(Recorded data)
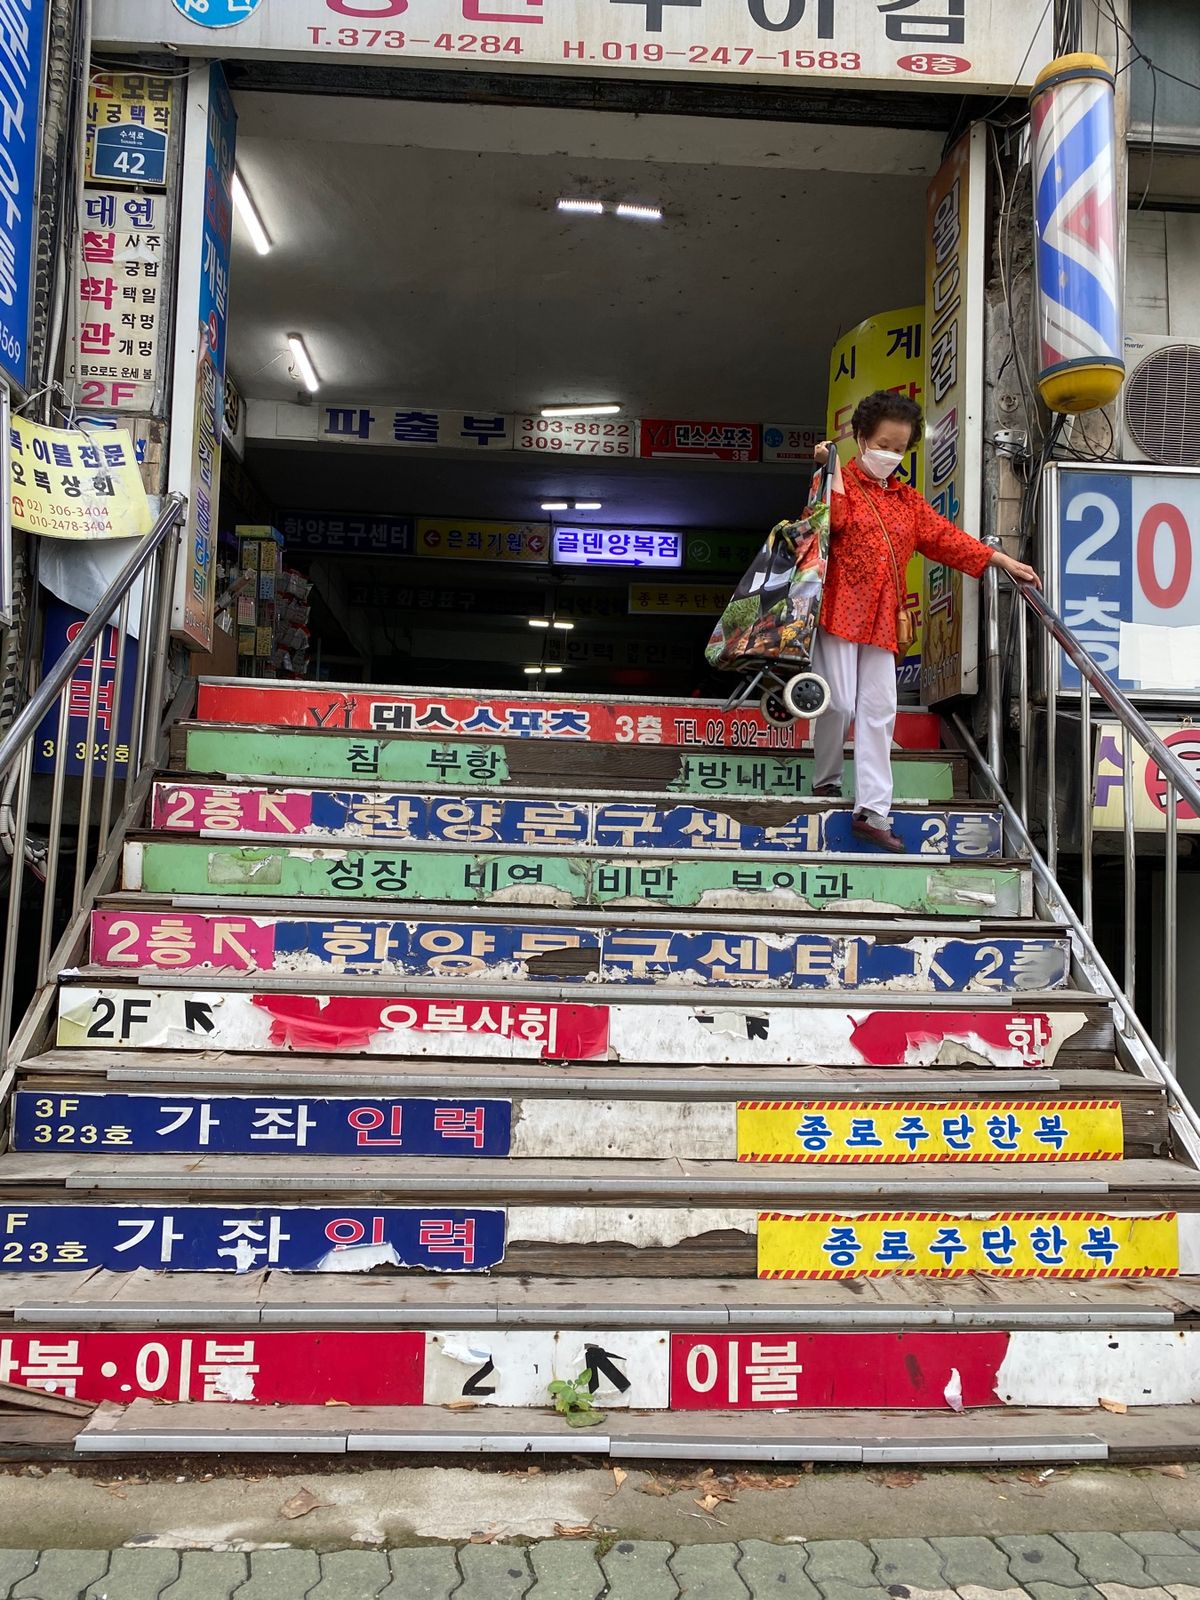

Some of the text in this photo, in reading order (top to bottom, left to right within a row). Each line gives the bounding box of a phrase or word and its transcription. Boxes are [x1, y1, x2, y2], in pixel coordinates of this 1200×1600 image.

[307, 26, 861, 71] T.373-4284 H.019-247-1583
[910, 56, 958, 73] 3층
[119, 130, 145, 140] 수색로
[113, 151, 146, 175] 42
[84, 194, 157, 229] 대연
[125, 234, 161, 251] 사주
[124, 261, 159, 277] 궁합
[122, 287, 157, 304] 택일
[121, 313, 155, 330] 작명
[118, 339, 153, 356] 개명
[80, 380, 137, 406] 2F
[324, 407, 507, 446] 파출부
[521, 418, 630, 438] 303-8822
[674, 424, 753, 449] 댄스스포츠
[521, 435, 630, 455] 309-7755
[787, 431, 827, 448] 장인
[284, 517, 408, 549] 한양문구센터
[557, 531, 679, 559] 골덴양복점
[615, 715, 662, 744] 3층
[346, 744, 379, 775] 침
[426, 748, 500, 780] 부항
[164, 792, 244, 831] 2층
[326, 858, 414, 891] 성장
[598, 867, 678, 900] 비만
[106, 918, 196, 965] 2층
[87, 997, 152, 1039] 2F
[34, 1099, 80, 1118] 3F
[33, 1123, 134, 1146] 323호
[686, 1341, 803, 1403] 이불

Assignment ▸ Please repeat the records above exactly, leaving every picture out.

Output of the exercise ▸
Some of the text in this photo, in reading order (top to bottom, left to right within a row). Each line gives the bounding box of a phrase or word and its transcription. Boxes are [x1, y1, x2, y2], in pixel coordinates of this 1200×1600 image.

[307, 26, 861, 71] T.373-4284 H.019-247-1583
[910, 56, 958, 73] 3층
[119, 130, 145, 140] 수색로
[113, 151, 146, 175] 42
[84, 194, 157, 229] 대연
[125, 234, 161, 251] 사주
[124, 261, 159, 277] 궁합
[122, 287, 157, 304] 택일
[121, 313, 155, 330] 작명
[118, 339, 153, 356] 개명
[80, 380, 137, 406] 2F
[324, 407, 507, 446] 파출부
[521, 418, 630, 438] 303-8822
[674, 424, 753, 449] 댄스스포츠
[521, 435, 630, 455] 309-7755
[787, 431, 827, 448] 장인
[284, 517, 408, 549] 한양문구센터
[557, 531, 679, 559] 골덴양복점
[615, 715, 662, 744] 3층
[346, 744, 379, 775] 침
[426, 748, 500, 780] 부항
[164, 792, 244, 831] 2층
[326, 858, 414, 891] 성장
[598, 867, 678, 900] 비만
[106, 918, 196, 965] 2층
[87, 997, 152, 1039] 2F
[34, 1099, 80, 1118] 3F
[33, 1123, 134, 1146] 323호
[686, 1341, 803, 1403] 이불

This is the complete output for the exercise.